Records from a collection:

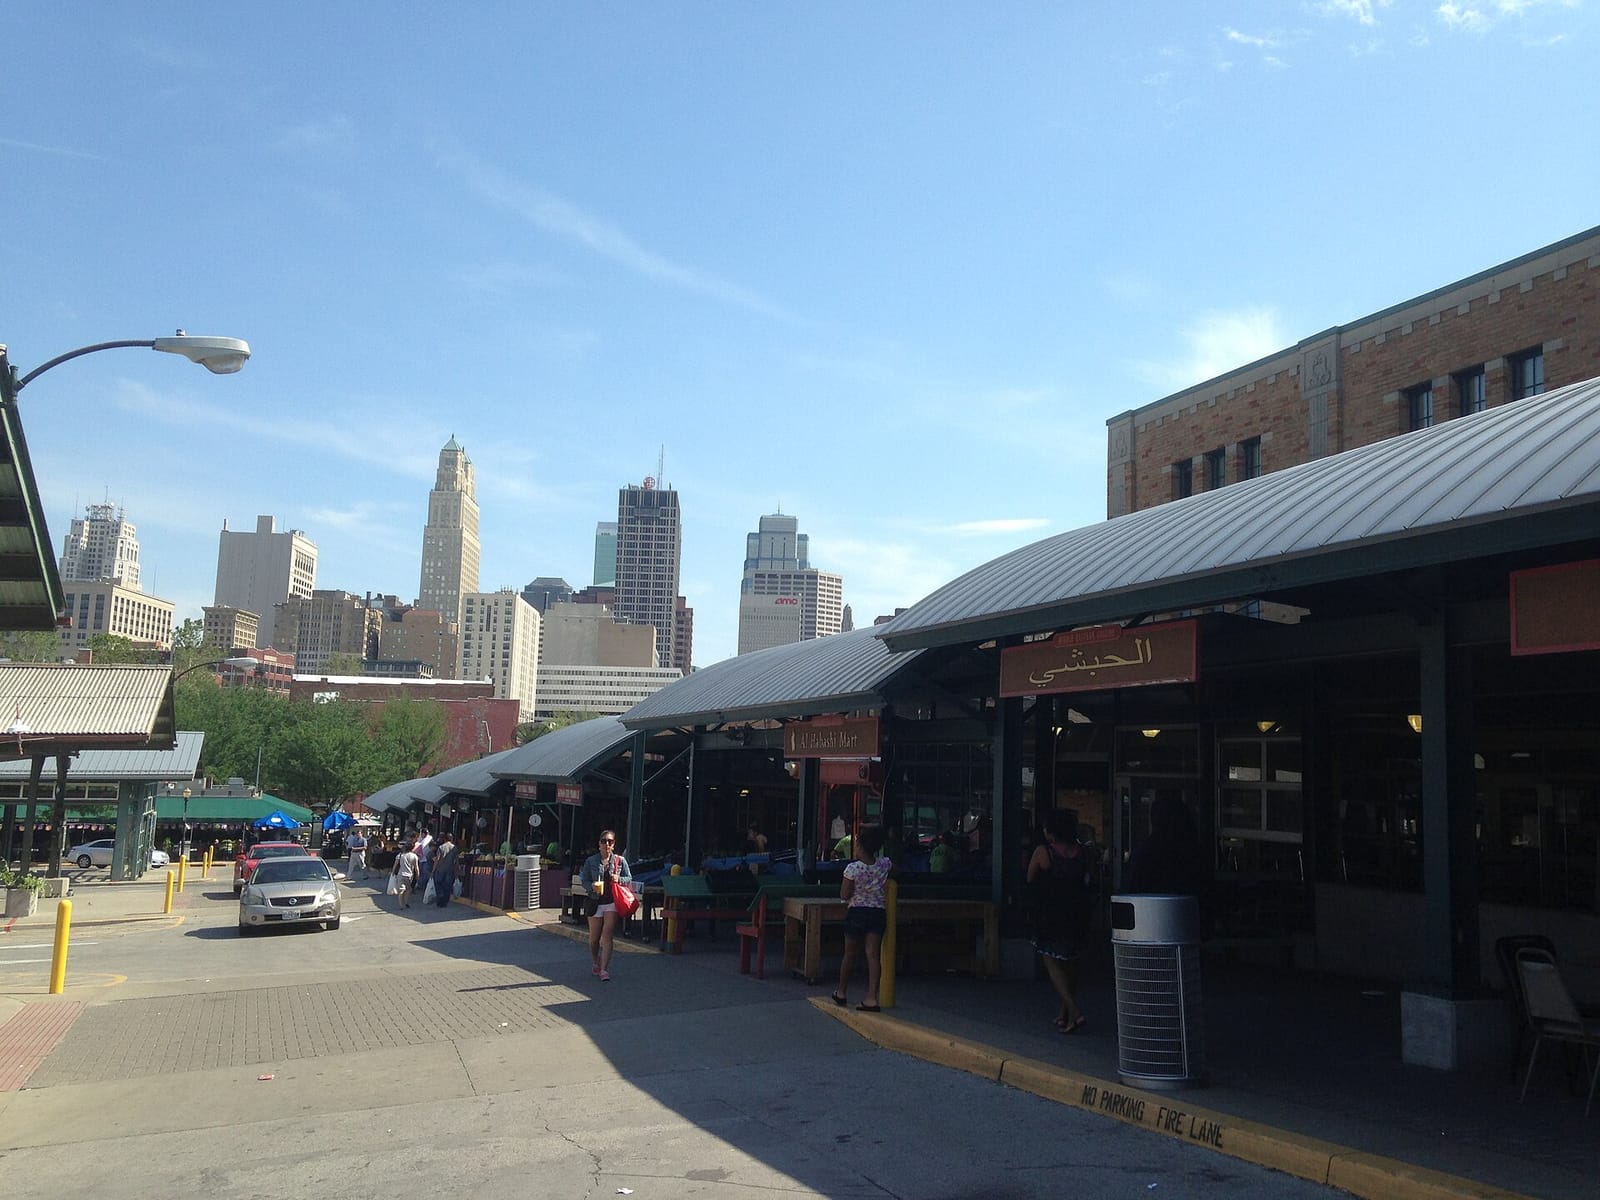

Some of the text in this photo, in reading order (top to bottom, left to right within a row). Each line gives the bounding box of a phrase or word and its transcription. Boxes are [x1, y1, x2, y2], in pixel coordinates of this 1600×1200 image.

[775, 597, 798, 606] amc
[1029, 637, 1153, 688] الحبشي
[839, 731, 858, 749] Mart
[1081, 1085, 1224, 1148] NO PARKING FIRE LANE
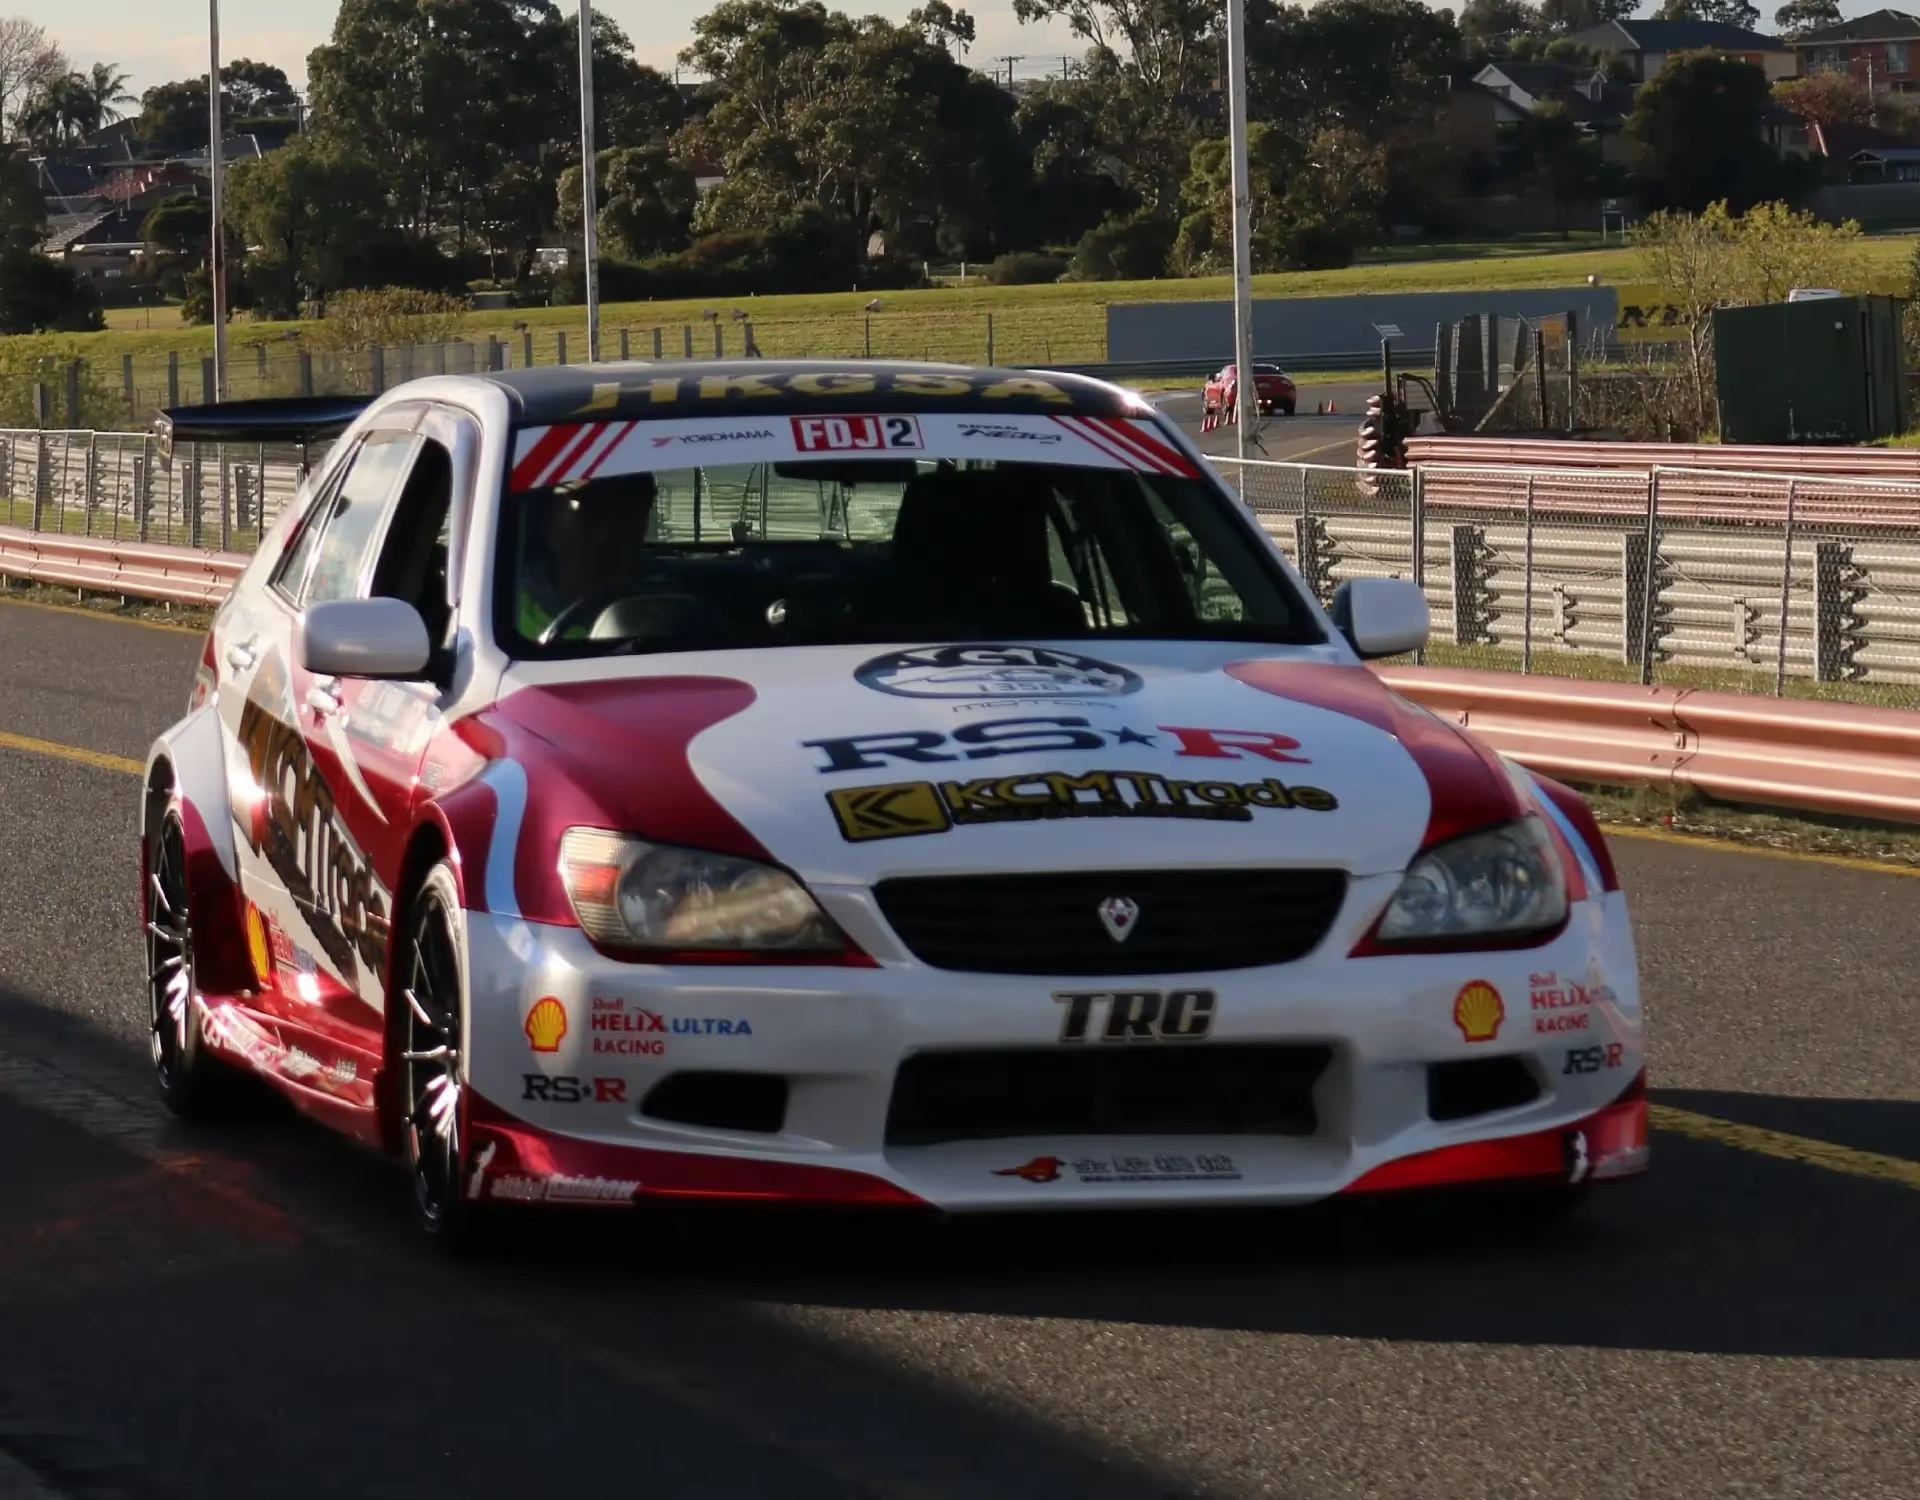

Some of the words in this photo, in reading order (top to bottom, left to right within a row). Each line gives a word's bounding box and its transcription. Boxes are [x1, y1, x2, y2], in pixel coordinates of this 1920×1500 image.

[679, 429, 775, 444] YOKOHAMA
[591, 1008, 668, 1033] HELIX
[672, 1018, 752, 1036] ULTRA
[1535, 1013, 1589, 1033] RACING
[593, 1038, 665, 1055] RACING
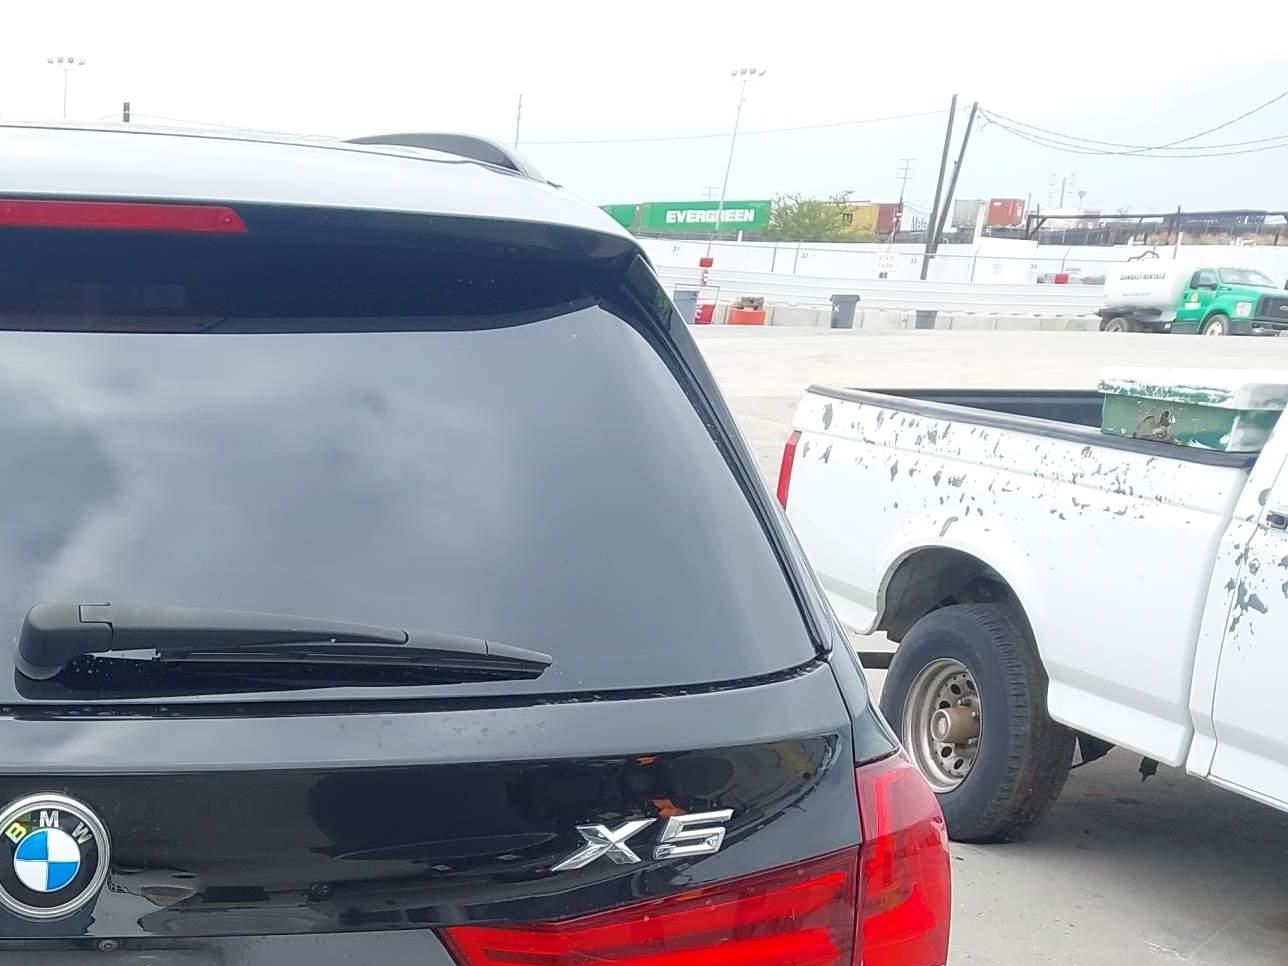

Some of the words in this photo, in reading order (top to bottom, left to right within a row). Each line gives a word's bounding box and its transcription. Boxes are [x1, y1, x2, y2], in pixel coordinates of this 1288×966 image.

[665, 208, 755, 224] EVERGREEN
[5, 810, 93, 845] BMW
[550, 809, 734, 861] X5

Task instructions: The records above, copied word for word without the pictures, are what should be output.

Your response:
Some of the text in this photo, in reading order (top to bottom, left to right within a row). Each line gives the bounding box of a phrase or word and its transcription. Boxes are [x1, y1, x2, y2], in pixel coordinates of this 1600×1200 image.

[775, 597, 798, 606] amc
[1029, 637, 1153, 688] الحبشي
[839, 731, 858, 749] Mart
[1081, 1085, 1224, 1148] NO PARKING FIRE LANE

Some of the words in this photo, in reading order (top to bottom, left to right within a row). Each line gives a word's bounding box and its transcription. Boxes are [x1, y1, x2, y2], in pixel coordinates of this 1920×1500 image.

[679, 429, 775, 444] YOKOHAMA
[591, 1008, 668, 1033] HELIX
[672, 1018, 752, 1036] ULTRA
[1535, 1013, 1589, 1033] RACING
[593, 1038, 665, 1055] RACING

Some of the words in this photo, in reading order (top to bottom, left to right within a row). Each line gives a word's bounding box and its transcription. Boxes are [x1, y1, x2, y2], in pixel coordinates of this 1288×966 image.

[665, 208, 755, 224] EVERGREEN
[5, 810, 93, 845] BMW
[550, 809, 734, 861] X5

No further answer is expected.